Art I went to see

Art
I went to see both the Whitney Biennial today and the Jewish Museum show called “Mirroring Evil.” I went with my ol’ pal, Mary, who is probably closer to me with regard to aesthetic sensibility and sensitivity than almost anyone.
Revelations were as follows:
1. The Biennial was almost completely lackluster save for a few video pieces by a guy named Janowicz in which he fakely or not recreated an evangelical television show while the artist lay on the pulpit, video camera in hand. Very hard to explain but quite mesmerizing and brilliant — so complete with irony that it was serious.
2. I’m now no longer moving forward in making art but up and down. In fact, as Mary said, the axis changes or has changed when you reach our near middle age of 30-middle-something. Instead of the horizontal, you go vertical, deeper into yourself and your own definition of self and higher into greater realms of increasingly spiritual difficulty.
3. Further to this, I made the realization that I am really only interested in art that either attempts to connect with the spiritual or psychic depths of the world or demonstrates a certain inability to connect or misconnect with that same thing. It’s the faith or faithful ambivalence of art-making that I’m really dedicated to — in fact, it’s always been that way, but now I just have no time for critique of commodity fetishism, illustrations of race baiting, or pointing out the fallacies of 1960s hippie culture.
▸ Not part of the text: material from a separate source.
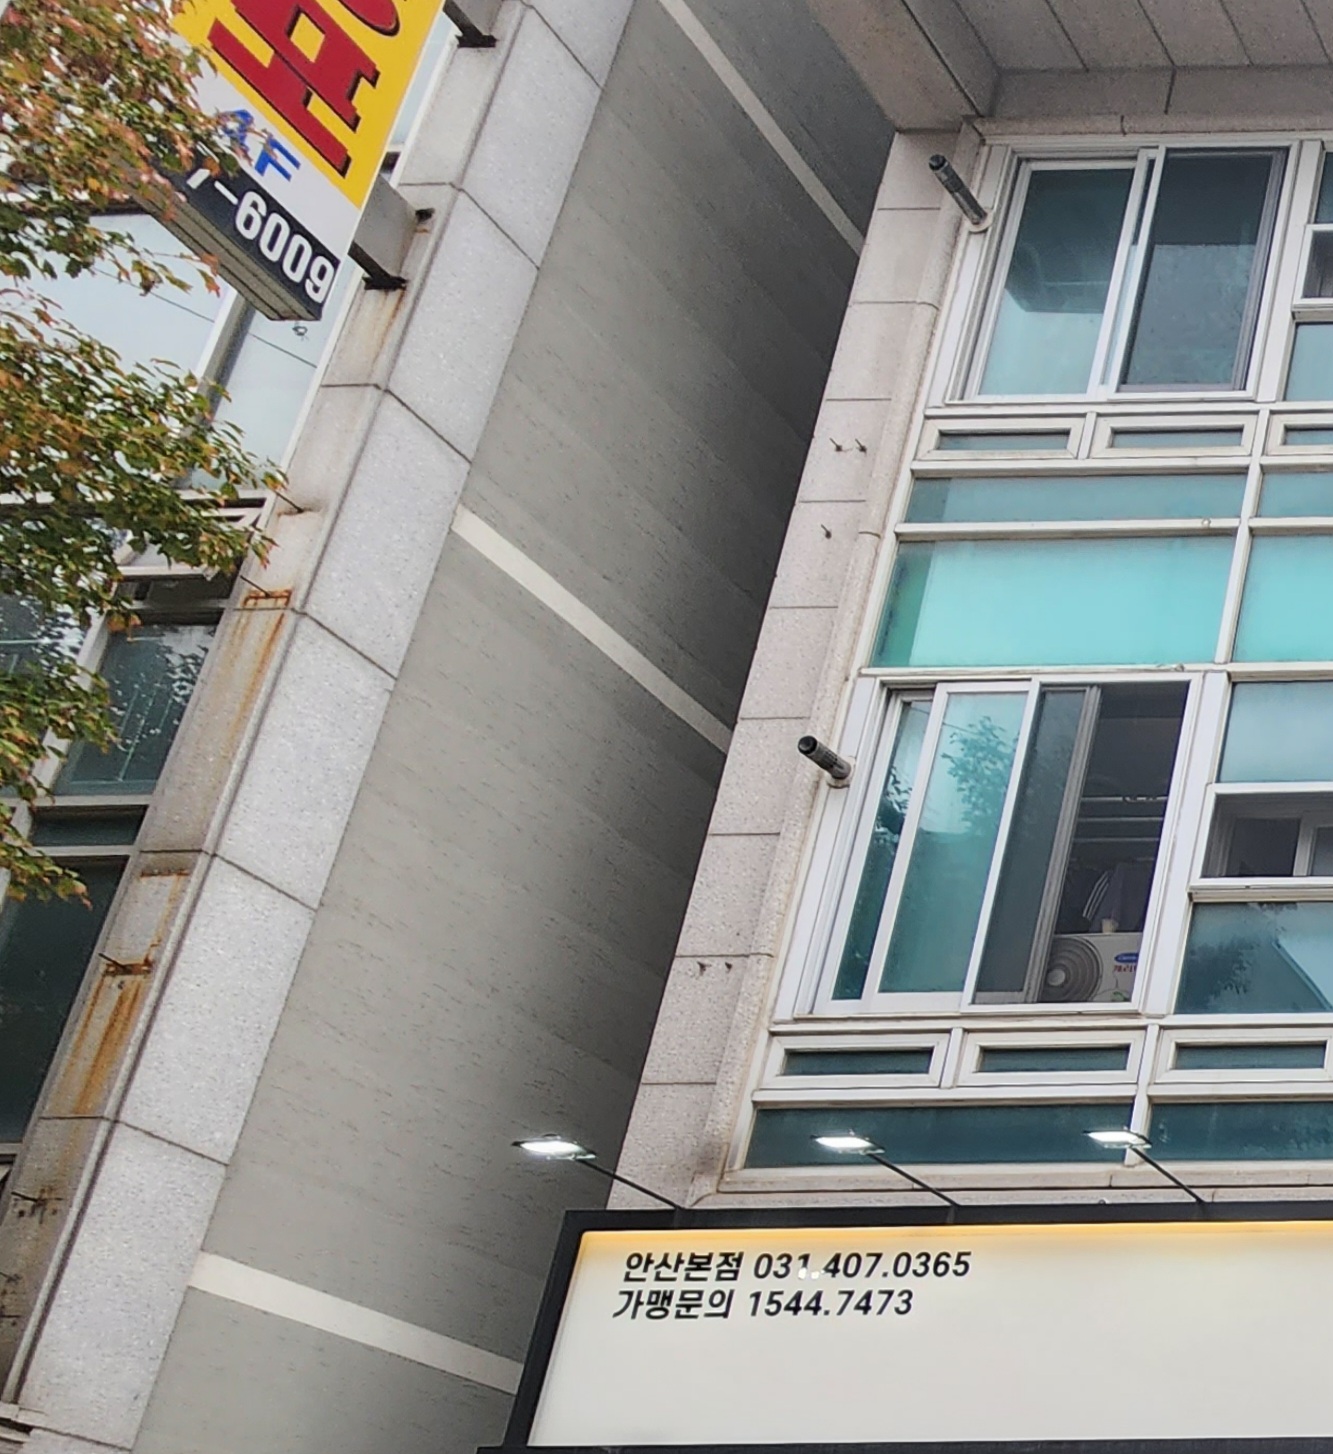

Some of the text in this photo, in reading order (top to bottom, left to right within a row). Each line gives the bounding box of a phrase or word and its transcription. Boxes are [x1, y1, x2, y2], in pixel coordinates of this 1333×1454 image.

4. Someone needs to write (very soon) a piece about the Jewish Museum and its inability to focus on work that is actually revelatory about the Holocaust and its horrors. I mean, art should rarely be about something as horrific as the Holocaust anyway. But the reality is that the best art in the show is by Polish artists — the ones closest to the horror that was and continues to be in the backyard.
5. I really thought Maciej’s work was a breakthrough at the show — it showed a rich video tapestry of 1990s commercial fashion photography interpolating 1940s commercial fascism photography and film. So much more rich than his ealier pieces ten years ago – I am a newfound fan.